I giovani tunisini non si sposano più (da qui la trovata propagandistica di Ennahdha che, prima delle elezioni, ha organizzato e finanziato diversi matrimoni comuni in giro per il paese). I tassi di crescita demografica si stanno contraendo pericolosamente. Nel giro di 15-20 anni lo scenario al quale la Tunisia rischia di andare incontro, se non verranno fornite delle soluzioni politiche e sociali, è quello di un’economia in forte ripresa ed espansione priva però di forza lavoro, con conseguenti problemi di immigrazione e conflitti sociali. Un’altra questione aperta – come dimostrato dall’”affare Aridha” - è senza dubbio cosa fare dei vecchi sostenitori dell’Rcd, partito unico dell’epoca Ben Ali.

Dopo 23 anni di dittatura
, si stima che gli appartenenti o simpatizzanti dell’Rcd si aggirino fra i tre e i quattro milioni. Impossibile epurare completamente i quadri delle istituzioni del paese. Il rischio è distruggere le fondamenta della rinascita economico-politica, come accaduto nell’Iraq de-bathizzato (liberato, cioè, da tutti gli elementi del vecchio partito Bath). Di questo sono consapevoli sia Ennahdha sia gli altri principali attori politici tunisini.
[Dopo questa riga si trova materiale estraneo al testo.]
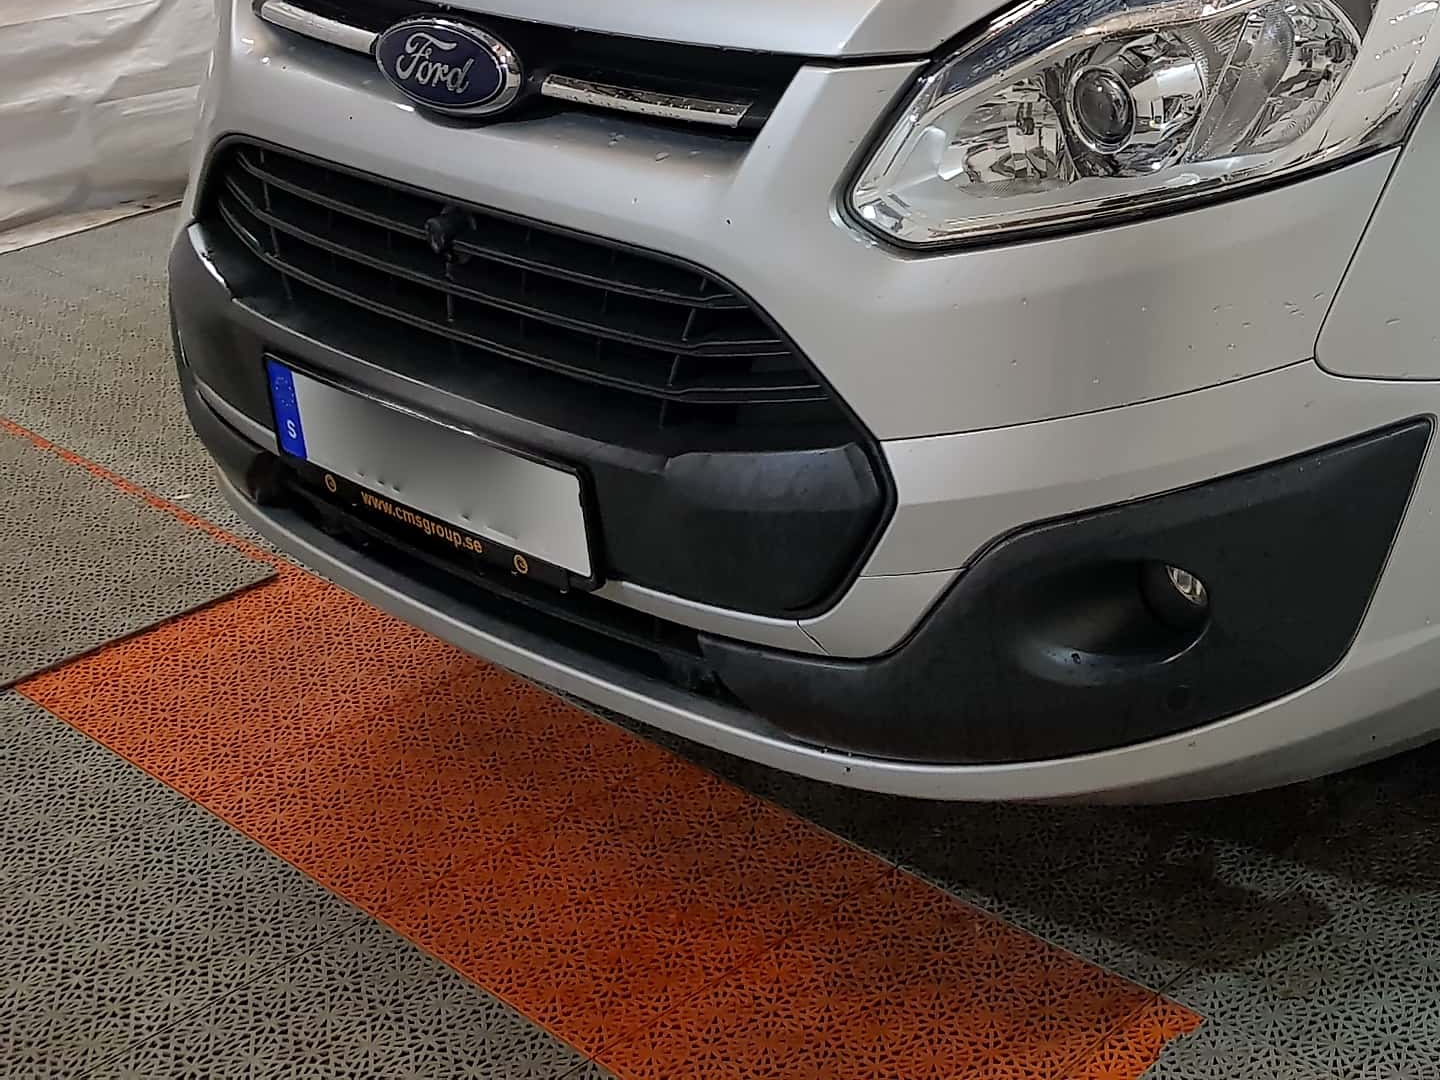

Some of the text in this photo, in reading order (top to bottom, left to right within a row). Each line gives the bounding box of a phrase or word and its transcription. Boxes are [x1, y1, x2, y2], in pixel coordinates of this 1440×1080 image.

Fin dai primi giorni dopo le elezioni, infatti, stanno lavorando a un progetto comune che chiamano “giustizia transizionale”. Riformare subito il sistema giuridico, valutare le responsabilità reali dei principali ex-Rcdisti ancora presenti nella scena pubblica e assicurarli alla giustizia. Una lista di oltre 400 nominativi è al vaglio di una commissione speciale dell’Isie, che presto renderà pubblici i risultati del proprio lavoro investigativo.

Il caso della Tunisia - “il paese dove tutto è impossibile ma realizzabile” come ironizzano i ragazzi del 14 Gennaio - dimostra come la ribellione popolare contro i vecchi regimi autocratici che ha portato a cambiamenti repentini ed epocali nel giro di poche settimane (da qui appunto il concetto di rivoluzione, mutuato dall’astrologia), non sia che il primo passo di un lungo ed impervio cammino verso un futuro ancora incerto e in via di definizione. Le sorti dell’intero mondo arabo passeranno obbligatoriamente dal destino di questo piccolo paese maghrebino.